You will be asked to write a function that returns the result of Fib(n). The Wikipedia article explains clearly, if N > 1, the Fibonacci result is F(n-1) + F(n-2). If you see this, you can almost write the code, but it may not be explained to you in this fashion. The interviewer may tell you that Fib(1) == 1, and Fib(5) == 5. How can that be? It's helpful to think of the Fibonacci sequence in an array, starting at index 0:
| F0 | F1 | F2 | F3 | F4 | F5 | F6 | F7 | F8 |
| 0 | 1 | 1 | 2 | 3 | 5 | 8 | 13 | 21 |
Now you can see, ironically enough, that Fib(5) is 5, but there's a logical reason, it's at index 5. Fib(4) doesn't equal 4, it equals 3, because it is the 4th (after 0) in the sequence. Once you understand that, you can start to write the code:
int fib(int n) { if (n <= 1) return n;return fib(n-1) + fib(n-2);
}
This is the preferred way to write a Fibonacci function, because it uses recursion. If N is 0 or 1, that value will be returned. If N is greater than 1, the fib function calls itself recursively, not once, but twice, with the 2 previous numbers in the sequence, n-1 and n-2. If you call this with N set to 2, then fib will call itself twice with fib(1) and fib(0), which will return 1 and 0, and the sum will be 1. It works like this for any higher value as well.

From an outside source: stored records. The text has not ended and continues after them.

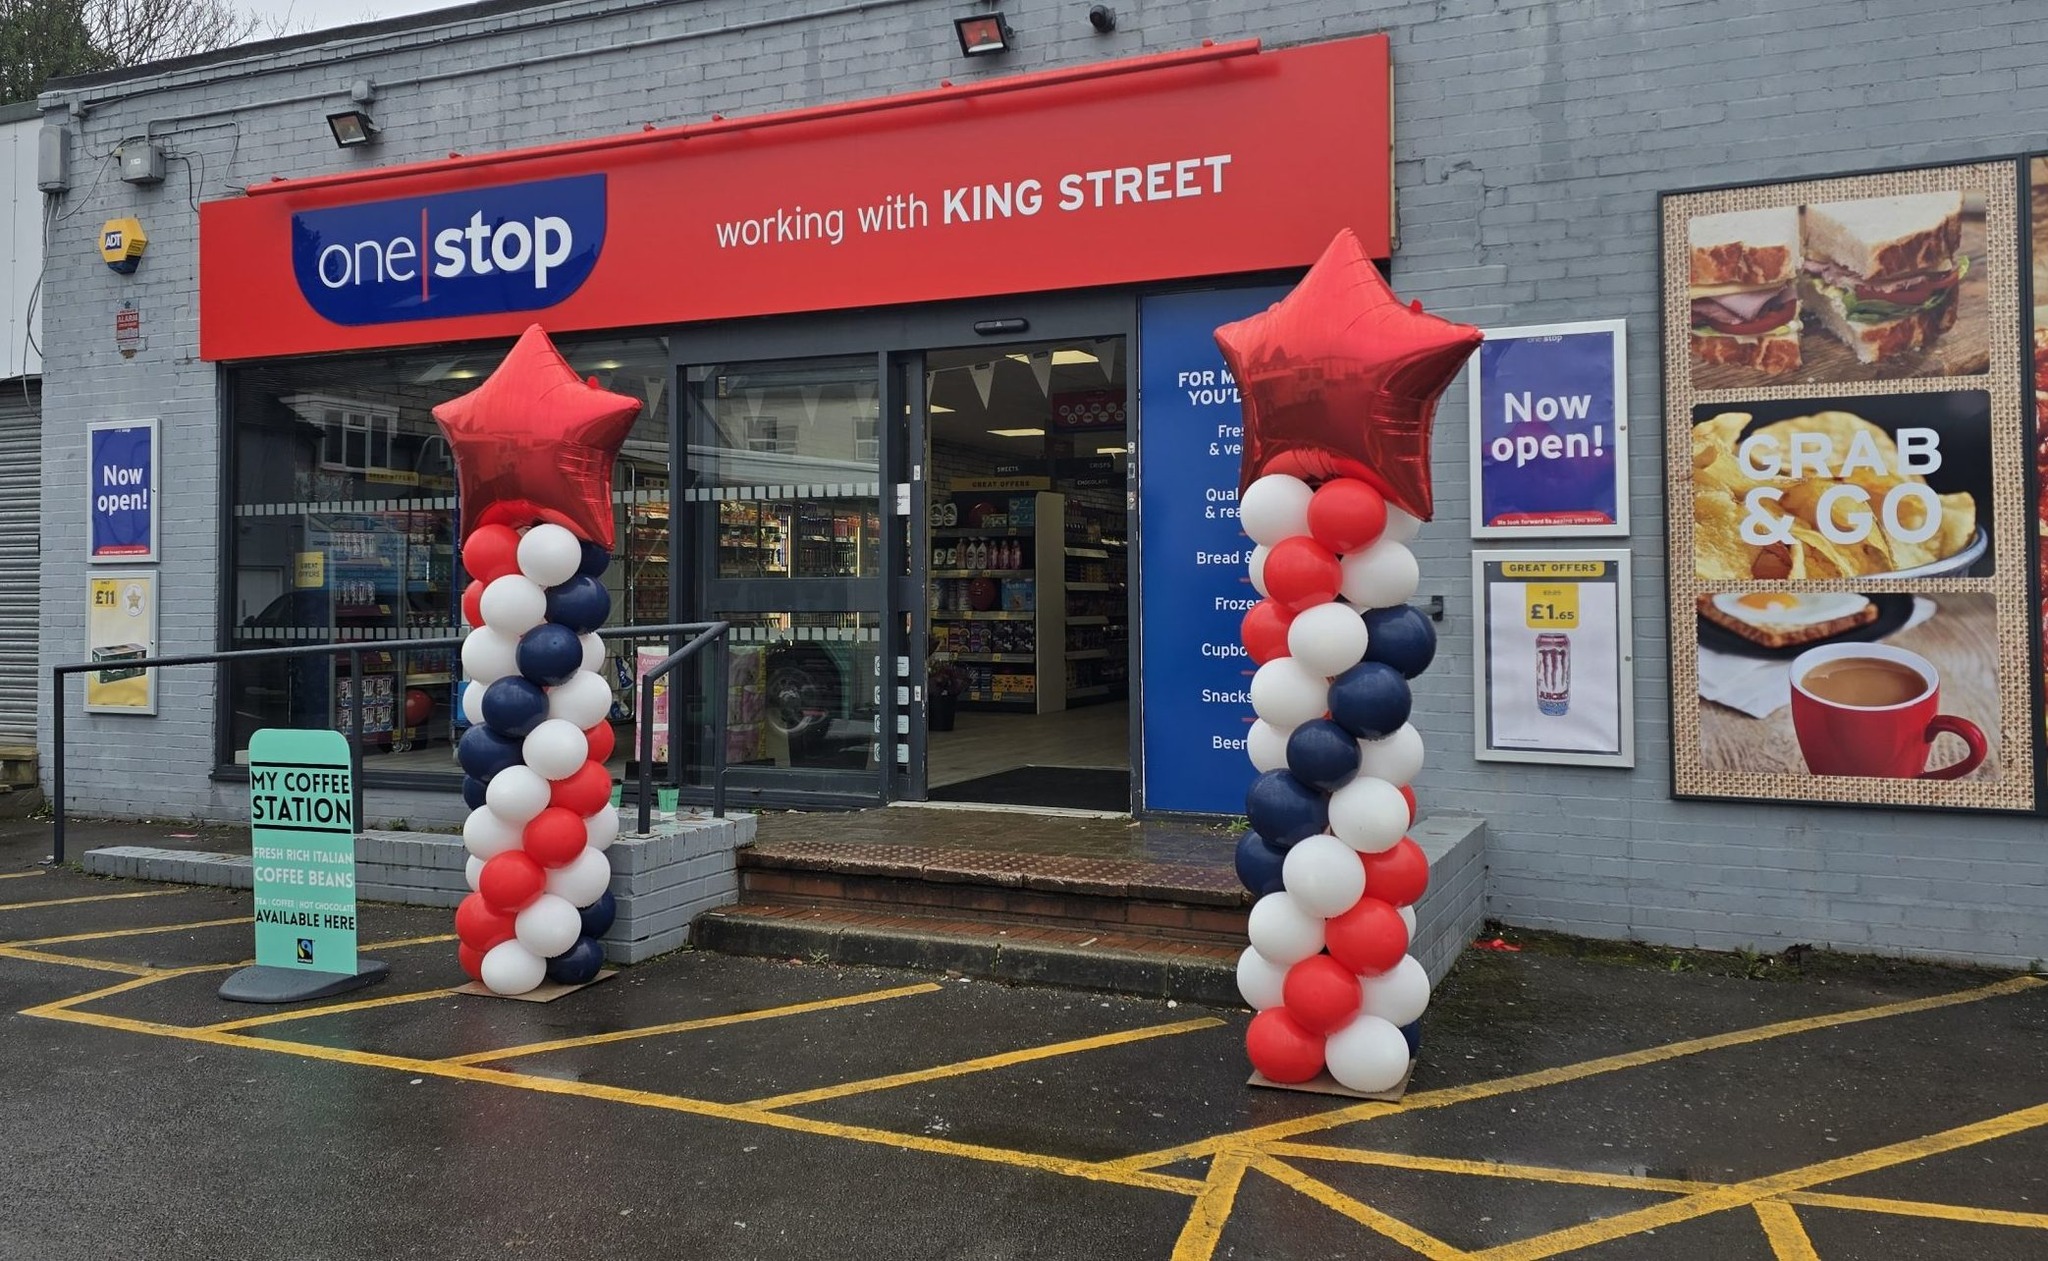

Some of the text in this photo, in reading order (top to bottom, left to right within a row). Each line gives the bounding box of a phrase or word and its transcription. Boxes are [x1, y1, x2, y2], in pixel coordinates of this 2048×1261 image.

[715, 154, 1232, 249] working with KING STREET
[105, 233, 121, 248] ADT
[318, 209, 573, 289] one stop
[1178, 370, 1215, 388] FOR
[1504, 391, 1592, 423] Now
[1209, 442, 1243, 456] & ve
[1491, 425, 1604, 468] open!
[1738, 427, 1943, 480] GRAB
[103, 465, 143, 486] Now
[1000, 480, 1030, 488] OFFERS
[97, 488, 147, 516] open!
[1205, 505, 1216, 519] &
[1739, 482, 1943, 546] & GO
[1196, 551, 1239, 565] Bread
[1509, 563, 1597, 573] GREAT OFFERS
[95, 590, 115, 605] £11
[1531, 603, 1575, 620] £1.65
[1202, 688, 1252, 703] Snacks
[251, 770, 350, 794] MY COFFEE
[252, 795, 351, 824] STATION
[254, 847, 353, 865] FRESH RICH ITALIAN
[254, 866, 353, 888] COFFEE BEANS
[271, 898, 295, 908] COFFEE
[299, 900, 313, 910] HOT
[315, 902, 354, 913] CHOCOLATE
[256, 909, 355, 931] AVAILABLE HERE
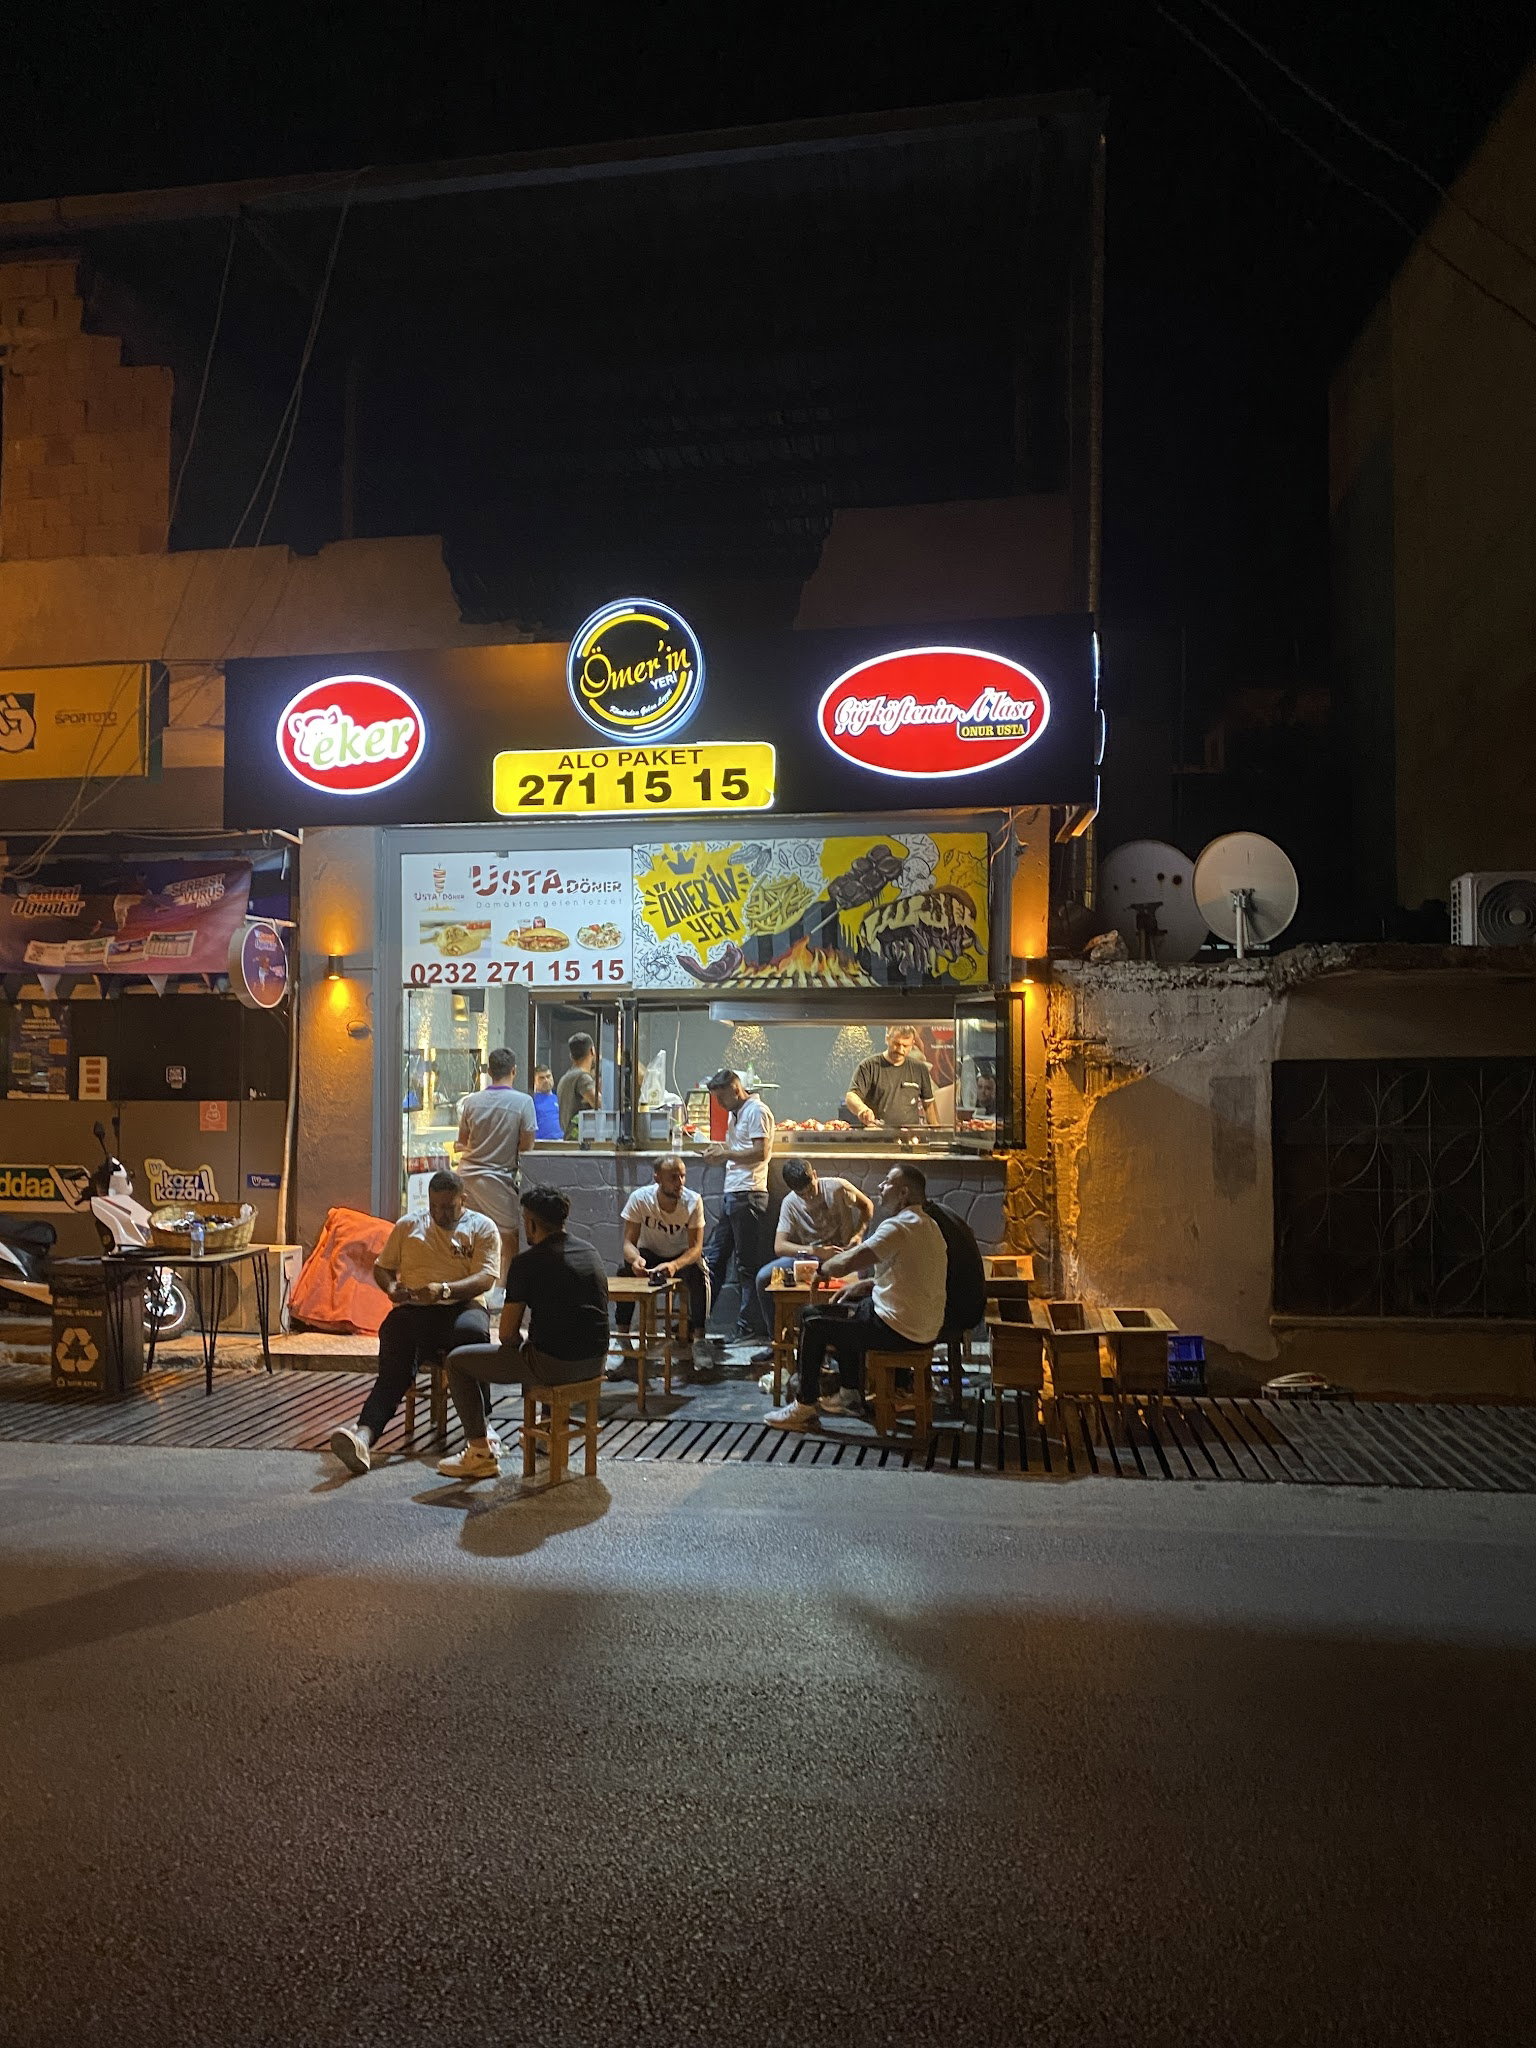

The wrong approach would be to set the Fibonacci sequence in a pre-defined array, and going to the Nth index and returning the value there. But the interviewer will point out that the sequence can go on infinitely and you could never set down all the values.
This is not a perfect function. If the numbers are negative, a negative value is returned. You can argue that there will be a buildup of recursive stack values (if N is 10000 the stack will be enormous), or that we are losing performance by making two recursive calls in one function.
Why is recursion the preferred method? It makes the code simple and easy to understand. If you look at the Fibonacci definition in the Wikipedia article, the code above resembles that pseudocode definition almost perfectly. You've solved the problem in the fewest lines of code. We always hope to hire programmers who can deliver elegant solutions to complex problems.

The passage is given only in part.